A law suit under the radar

The Affordable Care Act (ACA) is burdened with flaws. If the healthier young do not buy insurance, premiums for the old will zoom, causing policy cancellations that drive costs still higher, which will lead to more cancellations and what is referred to as a “death spiral”. Millions of others face cancellation because their coverage fails to meet Obamacare’s minimum standards. There are threats that doctors by the tens of thousands will refuse to treat patients with policies that pay too little. We know about these.

But there is another threat that the media has hardly touched on. The health care act offers subsidies in the form of tax credits to low- and moderate-income Americans to lessen the cost of health insurance to what is hoped to be an affordable level. Working its way through the courts is a suit brought by a group of individuals and businesses from several states who are opposed to Obamacare and believe they have a found a loophole to bring it down.The plaintiffs claim the government cannot issue subsidies through its federal exchange.

The ACA provided that the federal government would take over the job of operating the health care insurance marketplace for any state that did nothing to set up its own. That proved to be 36 states that left the job to Washington. The law states that individuals who buy insurance "through an exchange established by the state" may be eligible for tax credits. The plaintiffs argue that the language is specific and makes no provision authorizing the federal government to issue such subsidies via its exchange.

The suit was brought in May. In late October, the Federal District Court in Washington denied the government's request to dismiss the case based on the government’s argument that the plaintiffs lack “standing” to sue. But the court found that one of the plaintiffs, who runs a sole proprietorship flooring company in West Virginia, does have “standing”. His net income is low enough to exempt him from the requirement to buy insurance under the ACA’s mandate, but the subsidy would put that net income over the threshold, forcing him "to either pay a penalty or purchase more insurance than he wants," in the words of the lawsuit, and he is thus “harmed”.

The court did not accept the plaintiffs' bid for an early injunction that would peremptorily block the government from issuing subsidies. The judge found that to be premature as the plaintiffs had not yet proved they were likely to succeed on their claims.

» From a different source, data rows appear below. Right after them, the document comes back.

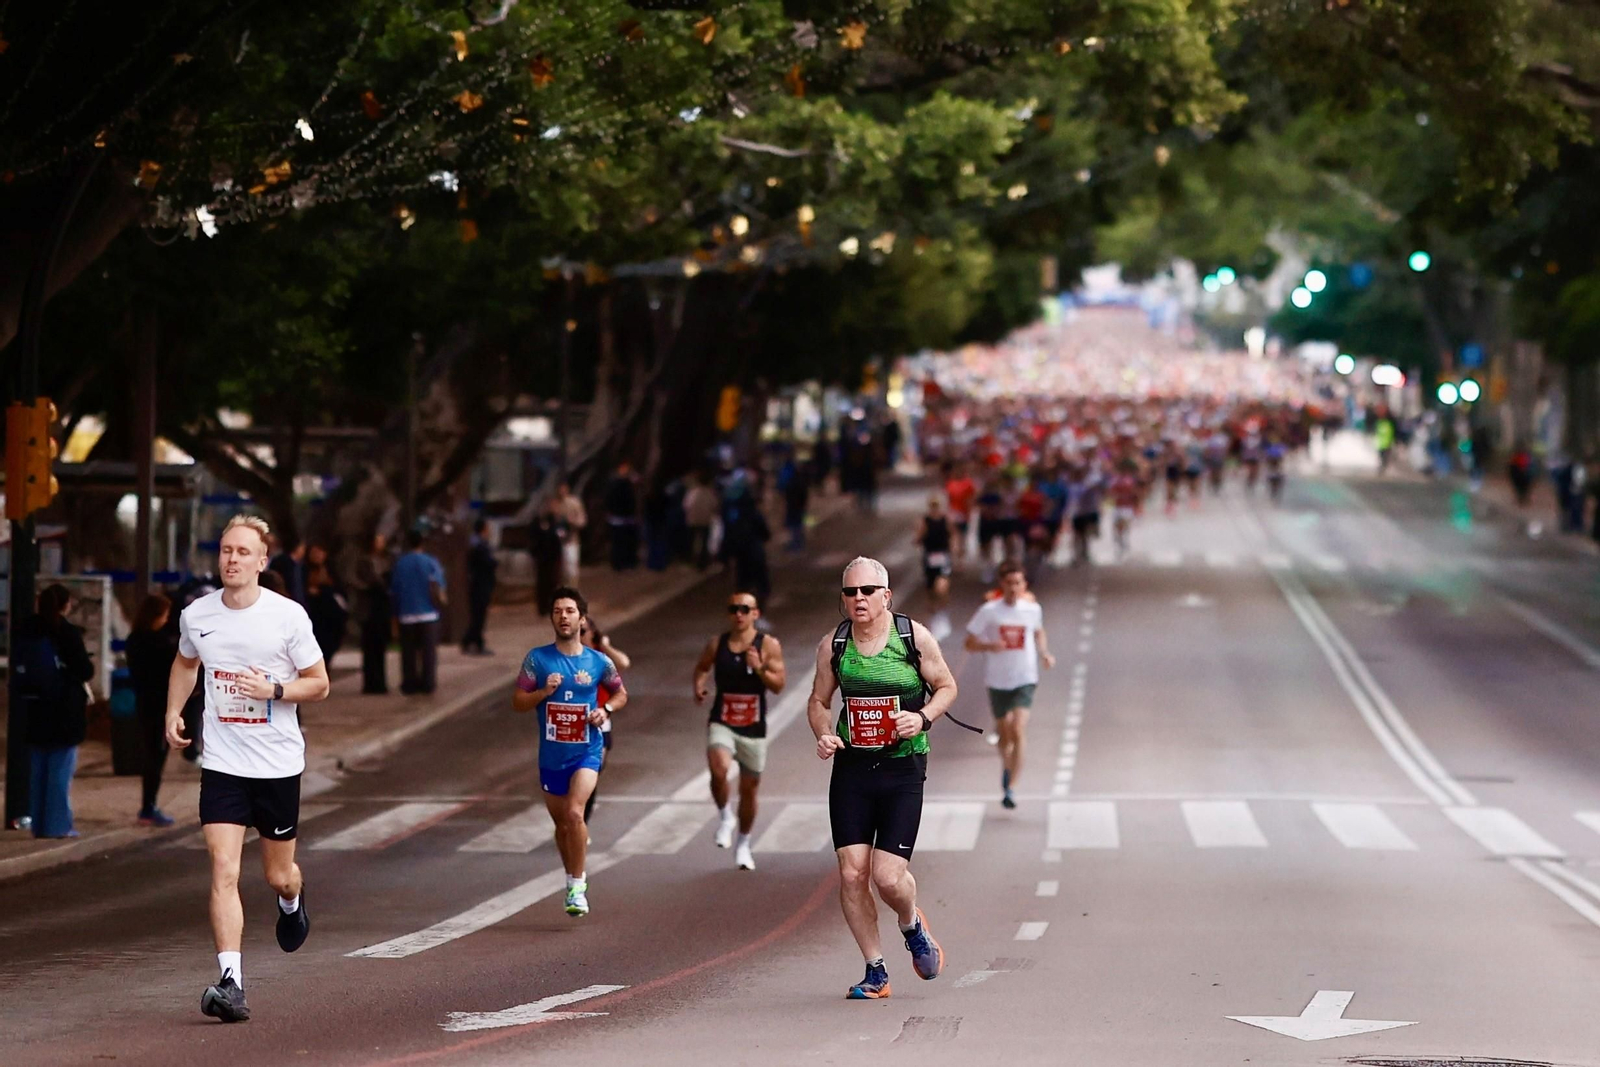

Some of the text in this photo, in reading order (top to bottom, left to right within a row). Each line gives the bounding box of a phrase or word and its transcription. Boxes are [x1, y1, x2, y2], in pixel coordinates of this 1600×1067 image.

[857, 698, 890, 707] GENERALI
[556, 713, 578, 722] 3539
[857, 710, 883, 720] 7660
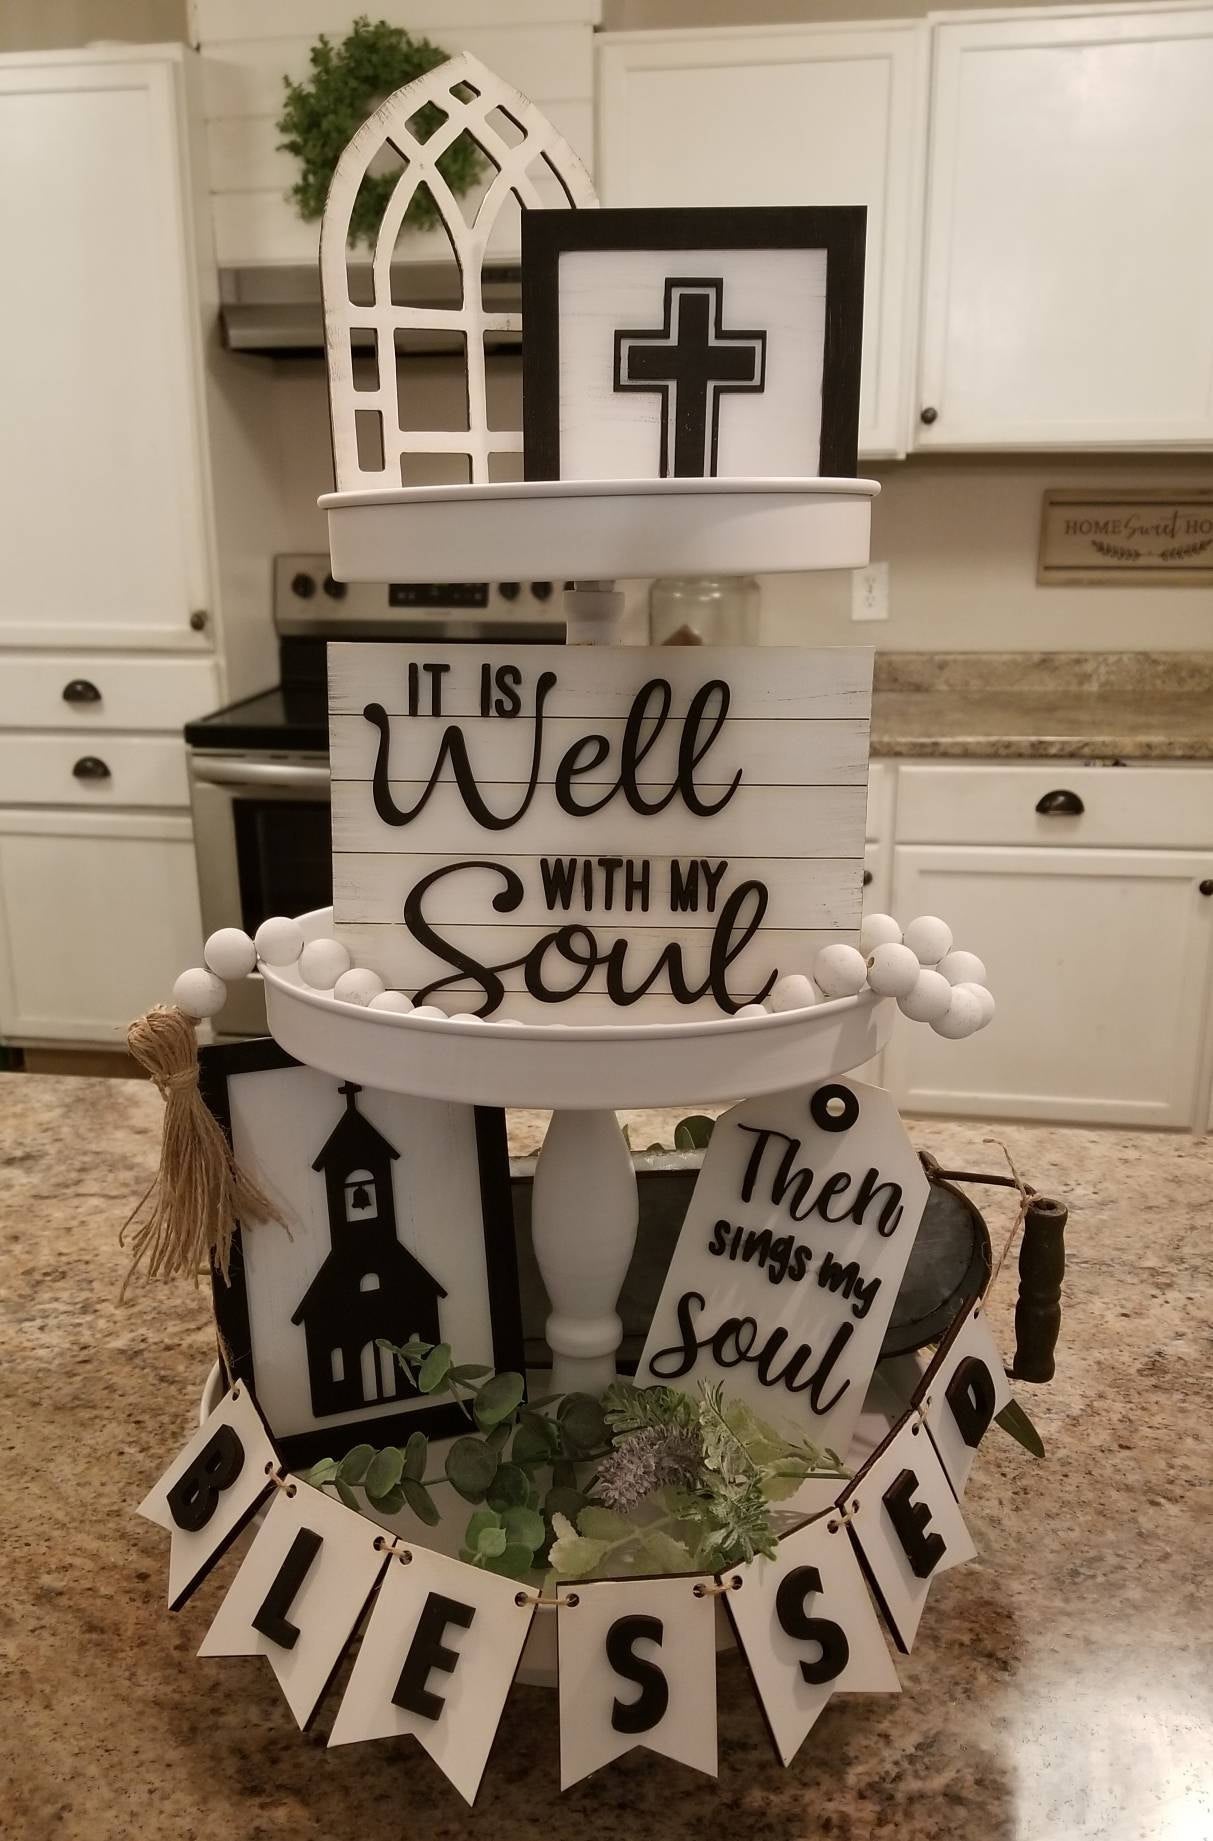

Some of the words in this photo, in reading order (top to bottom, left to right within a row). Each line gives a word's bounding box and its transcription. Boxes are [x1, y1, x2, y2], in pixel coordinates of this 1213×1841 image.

[1064, 519, 1122, 535] HOME
[1123, 510, 1180, 540] Sweet
[408, 662, 451, 717] IT
[480, 663, 522, 719] IS
[363, 671, 743, 831] Well
[403, 861, 778, 1020] Soul
[540, 857, 650, 912] WITH
[671, 859, 729, 913] MY
[738, 1123, 904, 1238] Then
[708, 1219, 813, 1285] sings
[817, 1251, 881, 1319] my
[649, 1291, 854, 1416] Soul
[166, 1355, 996, 1734] BLESSED

For its part, the Justice Department argues that the government "stands in the shoes" of states that elected not to conduct their own marketplaces for insurance and that Congress’s intent was to offer the tax credits nationwide. But the DC court leans right, and if the language in the ACA is interpreted literally, the removal of subsidies for residents of almost three-quarters of the states would make insurance prohibitively costly, triggering an uprising that would threaten Obamacare’s continuance.